[Opening Material provided section]
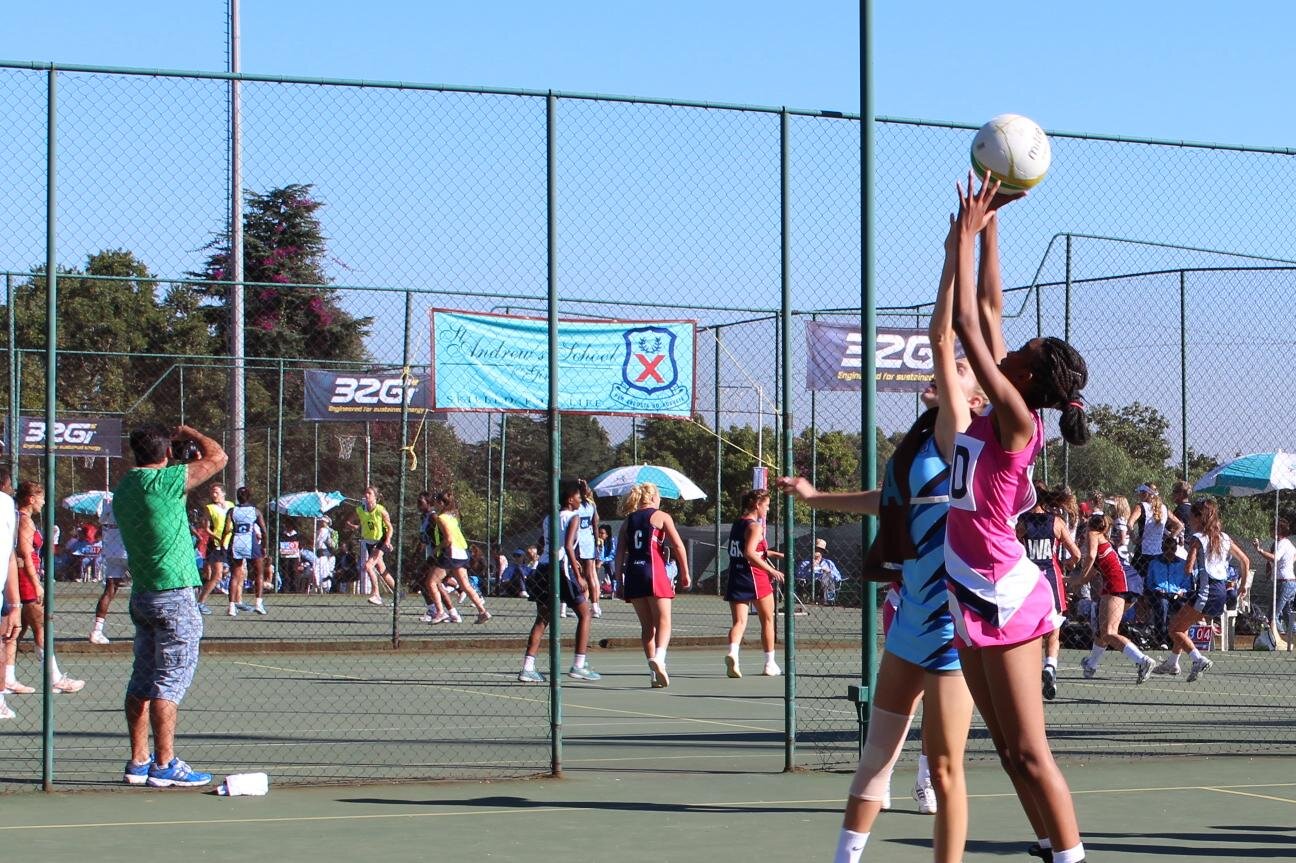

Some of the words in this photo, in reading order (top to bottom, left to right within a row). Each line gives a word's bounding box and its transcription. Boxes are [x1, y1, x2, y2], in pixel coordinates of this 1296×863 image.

[841, 332, 935, 369] 32G
[882, 373, 895, 381] for
[330, 377, 419, 406] 32Gi
[951, 445, 970, 499] D
[634, 530, 642, 549] C
[1028, 538, 1053, 560] WA
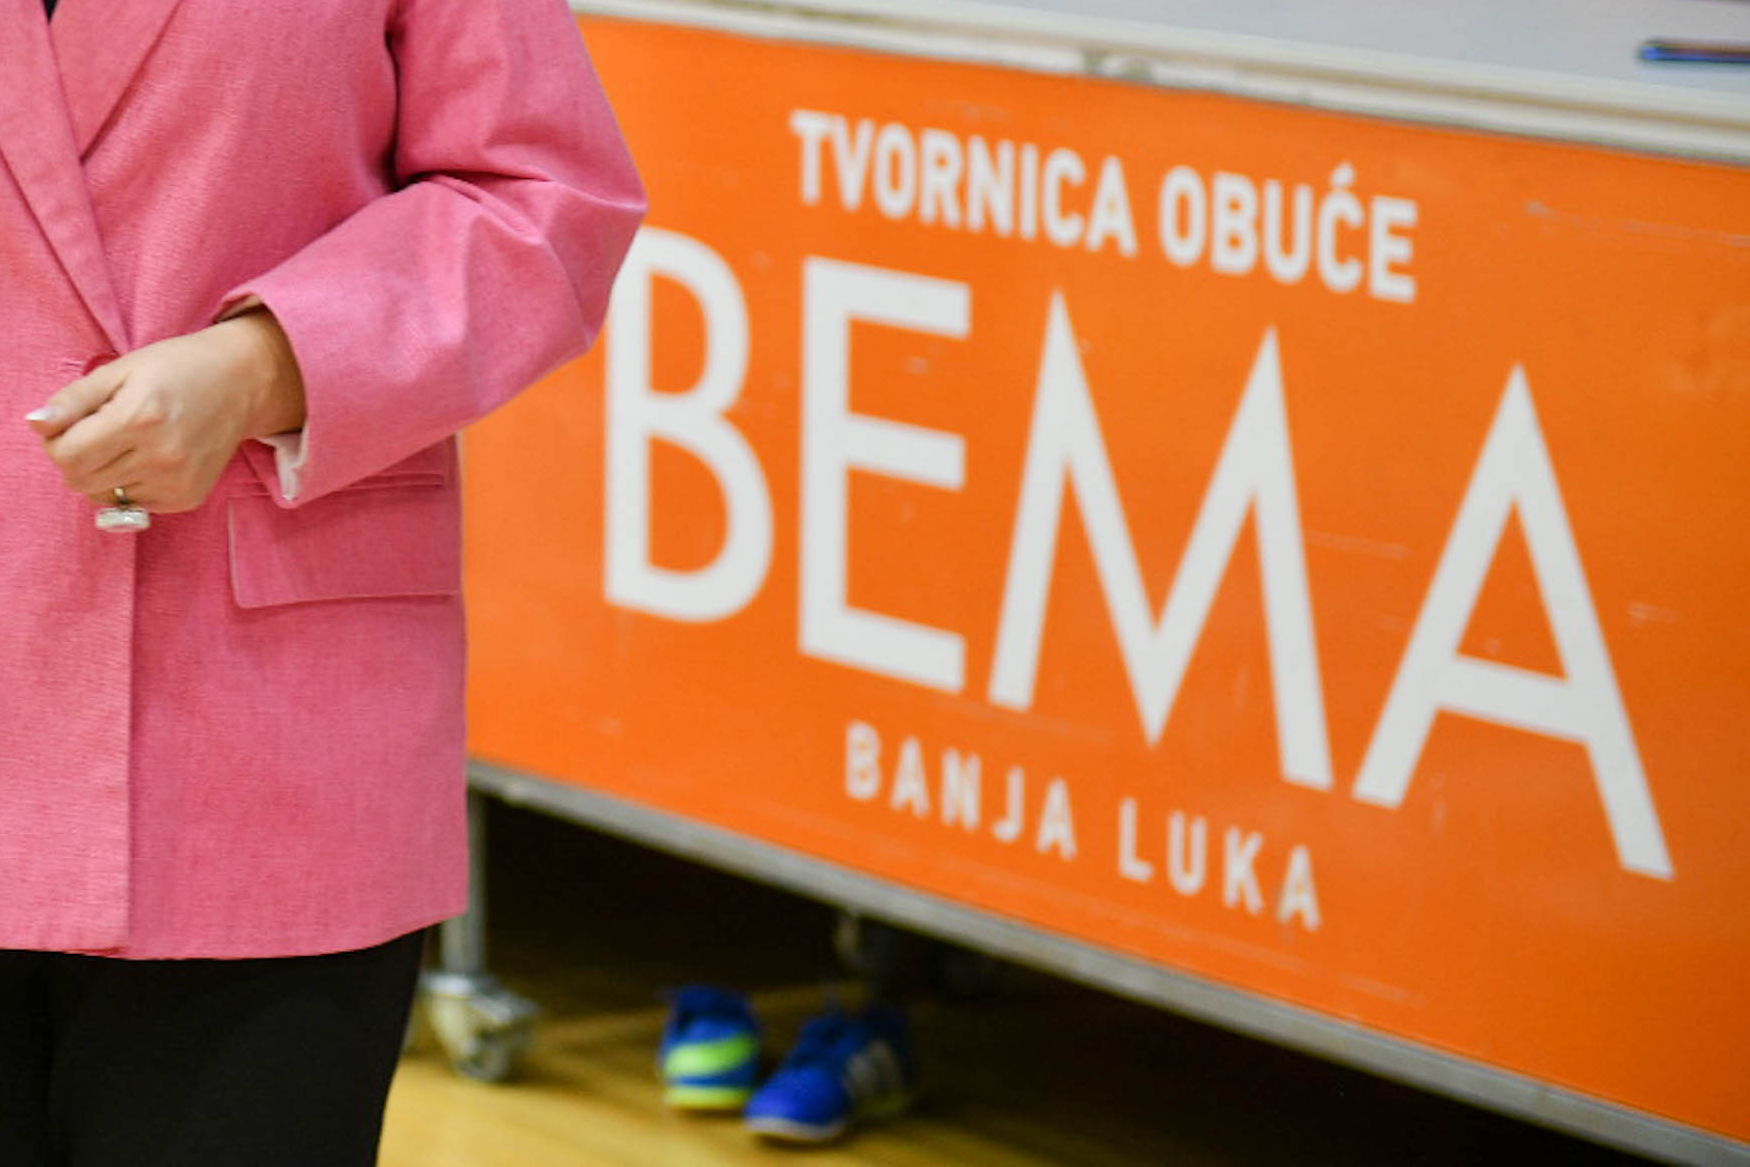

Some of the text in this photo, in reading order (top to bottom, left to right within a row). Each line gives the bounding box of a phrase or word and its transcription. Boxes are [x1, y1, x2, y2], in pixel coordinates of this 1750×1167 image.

[789, 109, 1419, 303] TVORNICA OBUĆE
[603, 224, 1673, 880] BEMA
[846, 722, 1320, 929] BANJA LUKA
[Closing Material provided section]
§ What the task asks
Pictures aside, give the data again exactly as it appears.

§ Solution to this task
Some of the words in this photo, in reading order (top to bottom, left to right within a row). Each line gives a word's bounding box and its transcription. Boxes are [x1, y1, x2, y2], in pixel coordinates of this 1296×863 image.

[841, 332, 935, 369] 32G
[882, 373, 895, 381] for
[330, 377, 419, 406] 32Gi
[951, 445, 970, 499] D
[634, 530, 642, 549] C
[1028, 538, 1053, 560] WA

Some of the text in this photo, in reading order (top to bottom, left to right within a row). Each line gives the bounding box of a phrase or word and its transcription. Boxes are [x1, y1, x2, y2], in pixel coordinates of this 1750×1167 image.

[789, 109, 1419, 303] TVORNICA OBUĆE
[603, 224, 1673, 880] BEMA
[846, 722, 1320, 929] BANJA LUKA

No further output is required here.